Although she'd been dead for four centuries, Teresa's power radiated all the way through the chalk dust in our classrooms and the ink stains in our uniforms."She was a mystic, a writer, a reformer, a theologian, and a doctor of the Church," the teacher told us "even though she was ONLY A WOMAN!"

For us, Teresa was a no-nonsense saint, grown-up and bold, with none of the sickly prettiness of the little virgin martyrs (Lucy, Agnes, Margaret, Cecilia, etc.) whose main merit seemed to consist in their refusal to have sex. In the 1950s, a decade that revered domesticity, and in a culture where virginity, followed by marriage and motherhood, were practically the only options for women, Saint Teresa showed us a different picture of how to be a woman: brave, intelligent, determined, a leader of women and men.

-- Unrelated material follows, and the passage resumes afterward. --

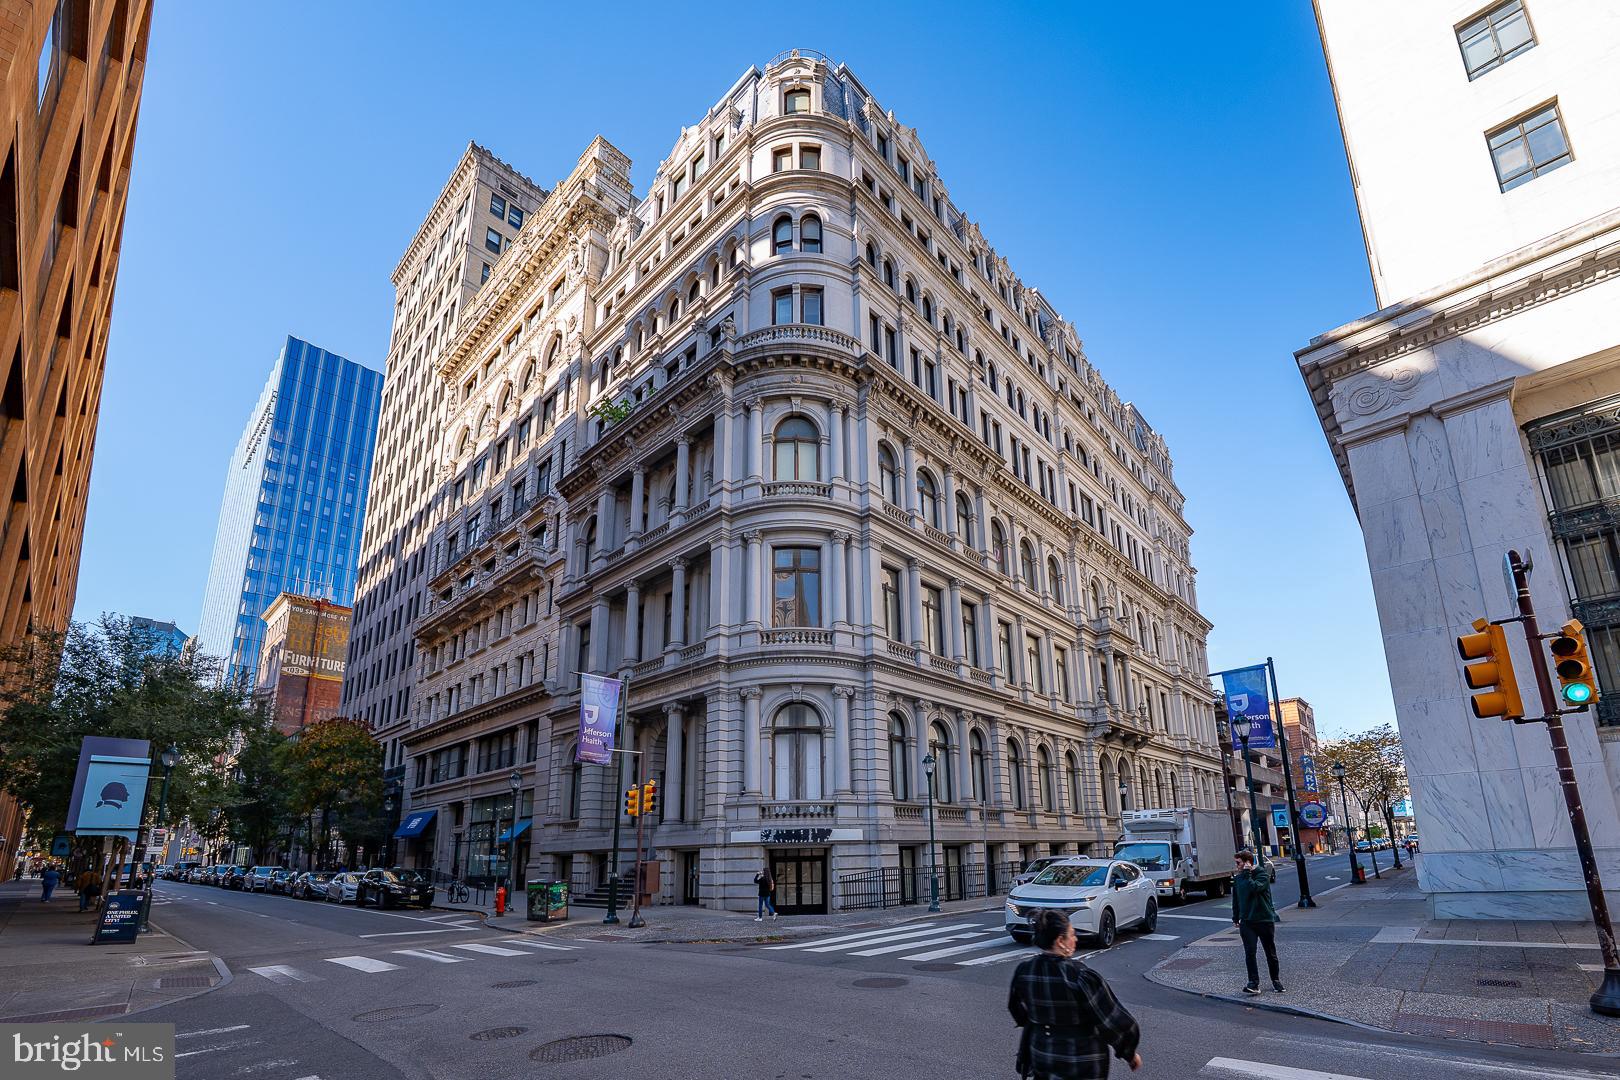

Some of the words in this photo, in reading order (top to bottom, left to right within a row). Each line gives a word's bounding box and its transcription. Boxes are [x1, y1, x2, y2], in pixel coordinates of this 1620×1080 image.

If Teresa of Avila had been the only model held up for our admiration, all would have been well. But in counterpoint to the bold image of the saint we were offered a list of tamer, more "feminine" virtues: we were urged to be patient and humble, and to always think of others before ourselves. Unquestioning obedience was at the top of the list, as was the strictest chastity. "When you go to bed at night," I remember one of my German nuns advising us, "do not let your hands wander all over your body." (Years later, my college roommate said I was the only person she knew who fell asleep with her arms straight at her side, like a corpse in a casket.)

But it was that trio--humility, selflessness, and obedience--that was the most effective at quashing our girlish spirits. How could we nine- and ten-year-olds reconcile those ego-stifling virtues with the drive and assertiveness that Saint Teresa must have possessed in order to achieve all that she did?
It was a dilemma that we were too young to solve, and it caused us much confusion and uncertainty.

It was not altogether bad to have our vision of the indomitable aspects of Saint Teresa's character tempered with the milder virtues. But I shudder to imagine what life would have been like for us girls without the image of the great Saint fighting for justice, writing books, founding convents and monasteries. Years before we heard of Simone de Beauvoir, Betty Friedan, and Gloria Steinem we had Saint Teresa of Avila, in her sandals and brown habit, riding her mule in all weathers, showing us what a woman could be.